Den jahrelangen mühsamen Anpassungsprozess absolvierten im kühlen Süden Kaliforniens unter anderen Pioniere wie Jim Clendenen von Au Bon Climat und sein ehemaliger Partner Adam Tolmach von Ojai Vineyards. Sie machten die Region zur bis heute boomenden. Nicht nur, weil ihre Weine in besagtem Film Sideways eine Rolle spielten, sondern auch, weil sie zahlreiche Menschen dazu inspirierten, es ihnen gleich zu tun.

Im wärmeren Norden Kaliforniens war es David Hirsch, der wie kein anderer die Vorstellungen kalifornischen Pinot Noirs prägte. Gegen jedes bessere Wissen kaufte er in den späten 1970er Jahren an der Sonoma Coast Land, um als einer der ersten dort Reben zu pflanzen. Jahrelang hatte er sich mit dem Anbau von Reben beschäftigt. Für die dortige Lage hoch über dem Pazifik schien ihm neben Chardonnay auch Pinot Noir die ideale Rebsorte zu sein. 

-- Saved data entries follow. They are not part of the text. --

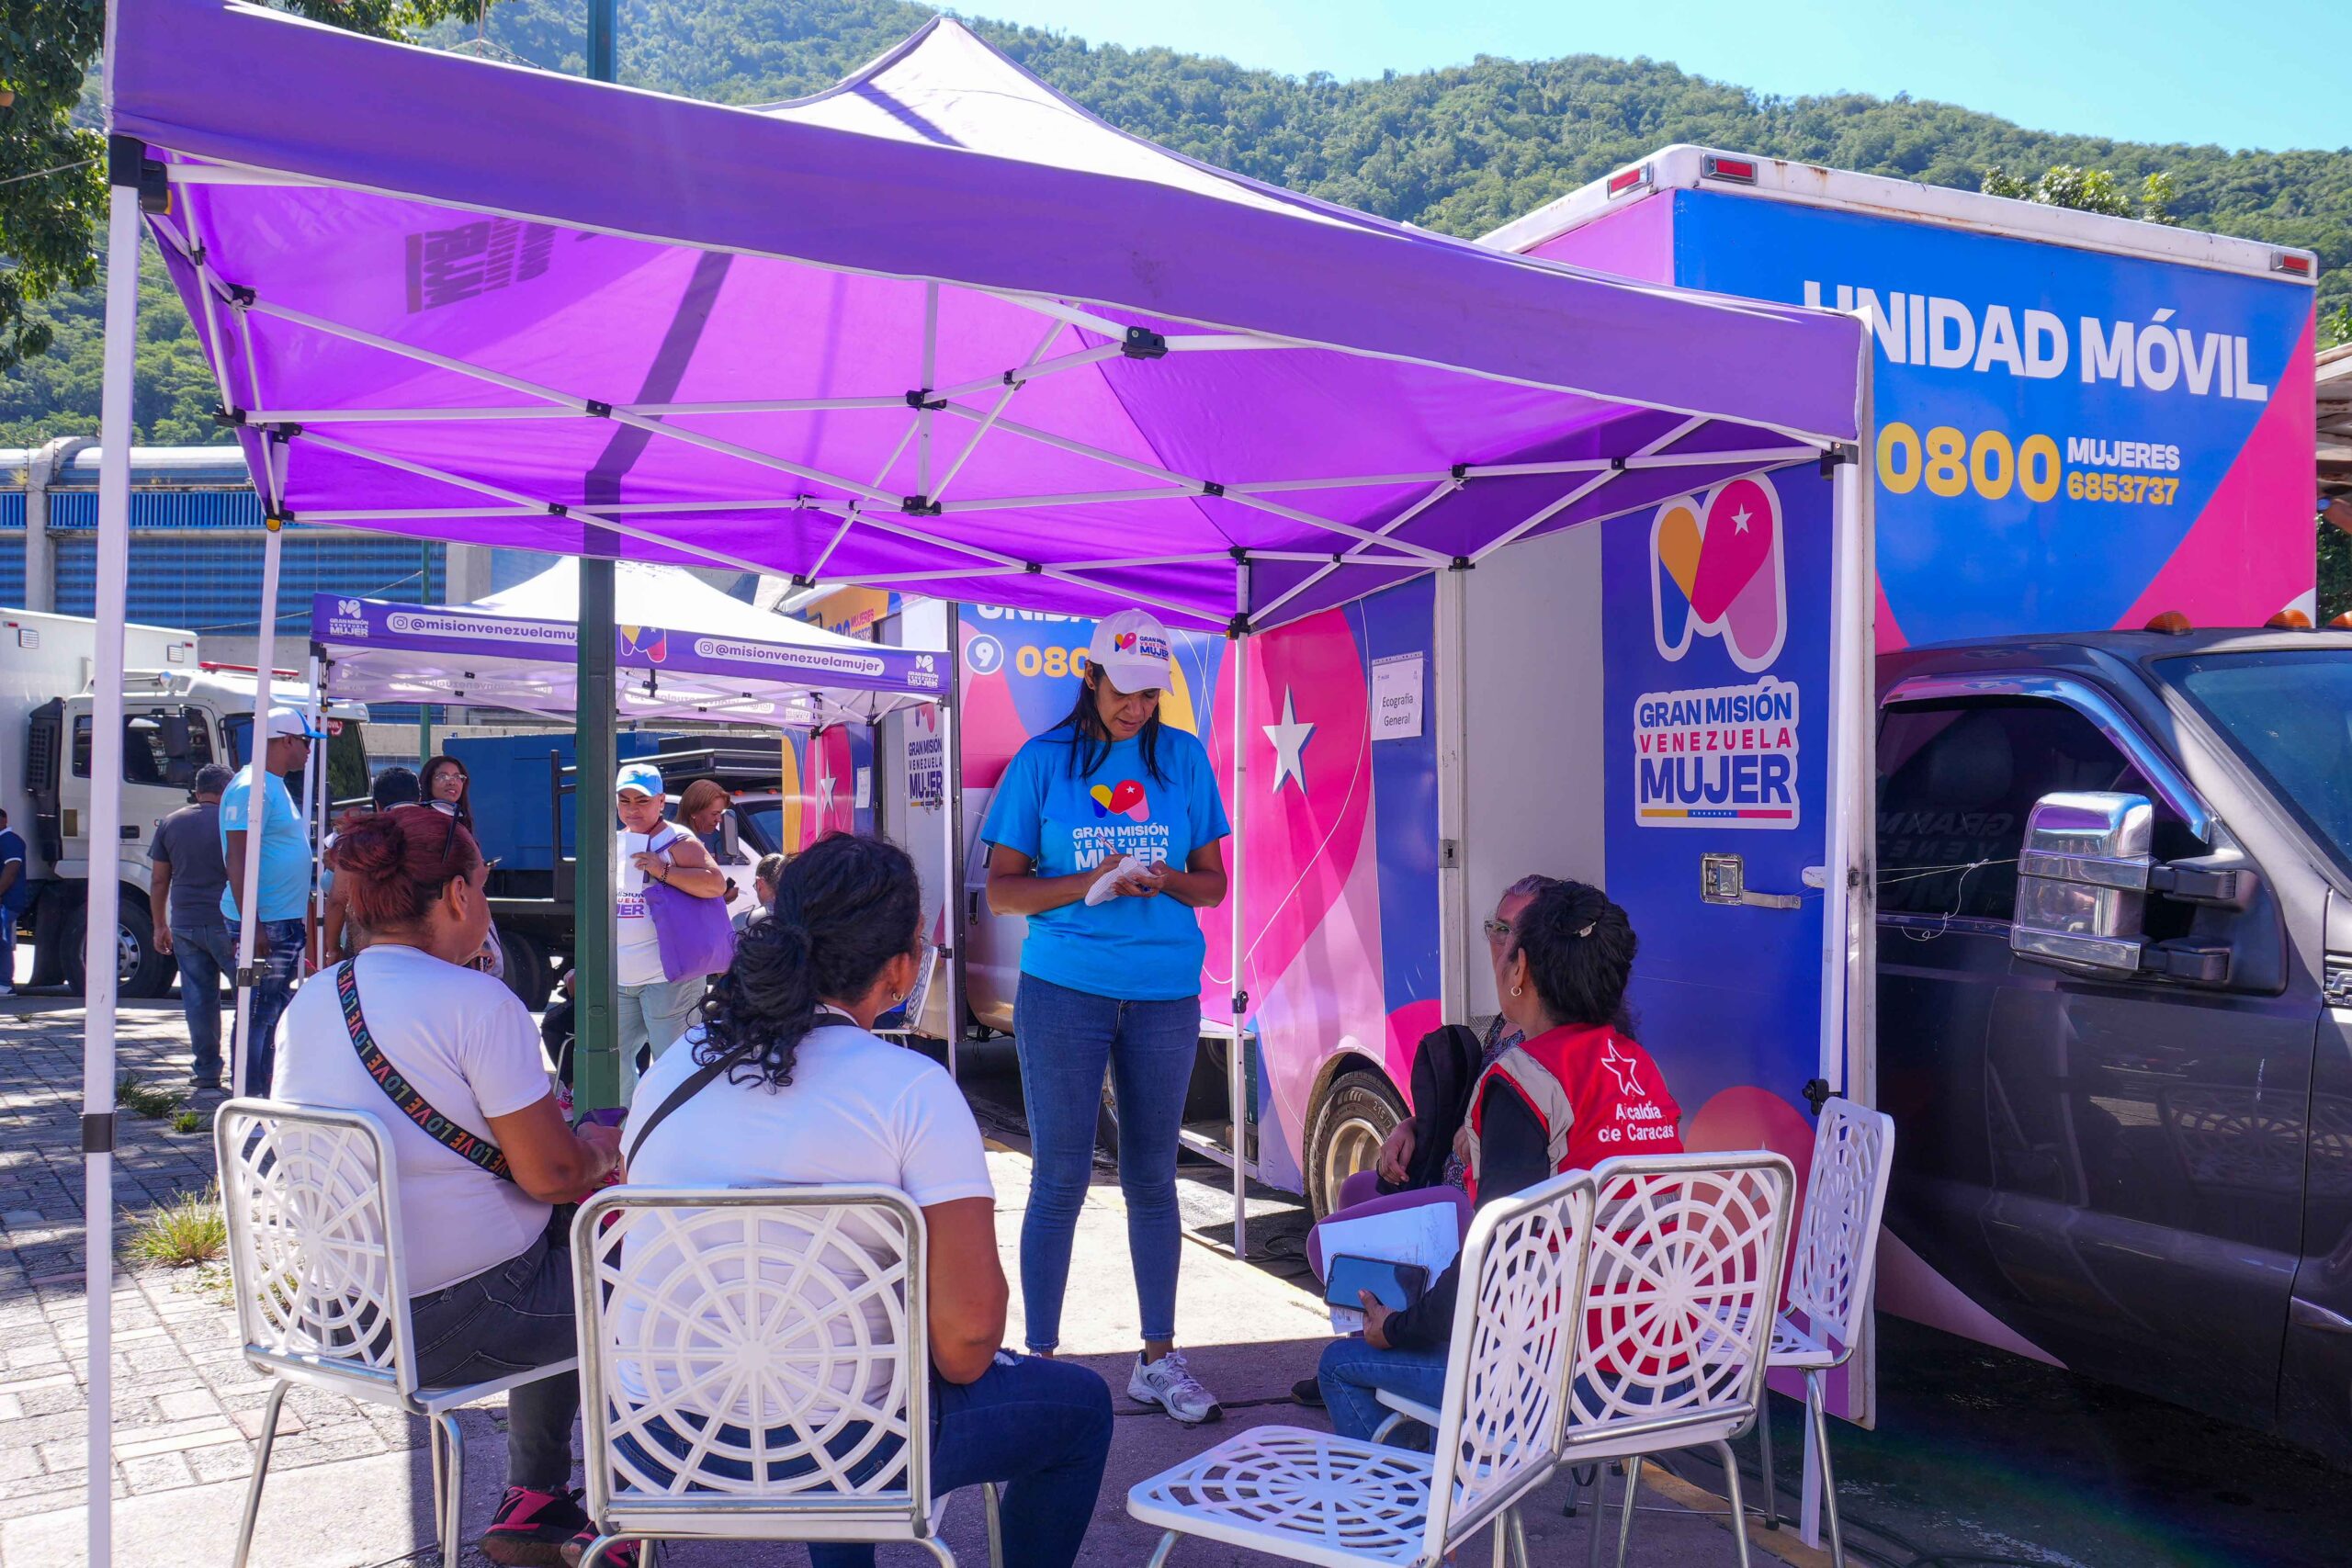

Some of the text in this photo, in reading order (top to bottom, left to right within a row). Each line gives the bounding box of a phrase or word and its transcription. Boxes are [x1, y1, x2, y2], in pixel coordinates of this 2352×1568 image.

[2079, 308, 2267, 401] MÓVIL
[1876, 422, 2061, 502] 0800
[2067, 436, 2180, 471] MUJERES
[2066, 470, 2179, 505] 6853737
[329, 626, 368, 637] MUJER
[411, 618, 579, 642] @misionvenezuelamu
[715, 644, 880, 674] @misionvenezuelamujer
[1139, 646, 1170, 658] MUJER
[1382, 693, 1414, 708] Ecografía
[1639, 685, 1792, 728] GRAN MISIÓN
[1384, 713, 1410, 727] General
[908, 734, 943, 757] GRAN MISIÓN
[1639, 727, 1792, 753] VENEZUELA
[908, 756, 943, 771] VENEZUELA
[909, 771, 944, 799] MUJER
[1640, 754, 1792, 805] MUJER
[1072, 823, 1170, 840] GRAN MISIÓN
[1073, 837, 1170, 850] VENEZUELA
[347, 1010, 375, 1057] LOVE
[366, 1053, 412, 1102] LOVE
[1615, 1100, 1662, 1120] Acaldía
[1627, 1122, 1675, 1142] Caracas

Mitten in der schwer zugänglichen Wildnis regenwaldähnlicher Redwood-Wälder begann er 1980 auf dem Bergrücken einer ehemaligen Schafzucht, in Sichtweite zum Pazifik, den ersten Weinberg anzulegen. Die Reben wuchsen an, trugen die ersten Früchte. 1987 gibt er den erlernten Beruf auf und konvertiert zum Vollzeit-Traubenbauern. Das wechselhafte Klima macht ihm und seinen Reben schwer zu schaffen. Mühsam lernt er seine komplexen Böden zu verstehen, die durch die jahrelange Viehzucht bis auf eine dünne Erdauflage so abgetreten sind, daß kaum noch organische Masse vorhanden ist. Feuchtigkeit und Nebel des nahen Pazifiks sorgen für regelmäßigen Pilzbefall. Die sommerliche Hitzeperiode mit vielmonatiger Trockenheit stresst die jungen Reben, die harte Sonneneinstrahlung läßt die Beeren zu Rosinen schrumpfen. Durch veränderte Reberziehungsformen und Orientierung neugepflanzter Rebzeilen, sowie Versuchen zur Verbesserung der Bodenstruktur versucht er den Herausforderungen der Natur Herr zu werden. 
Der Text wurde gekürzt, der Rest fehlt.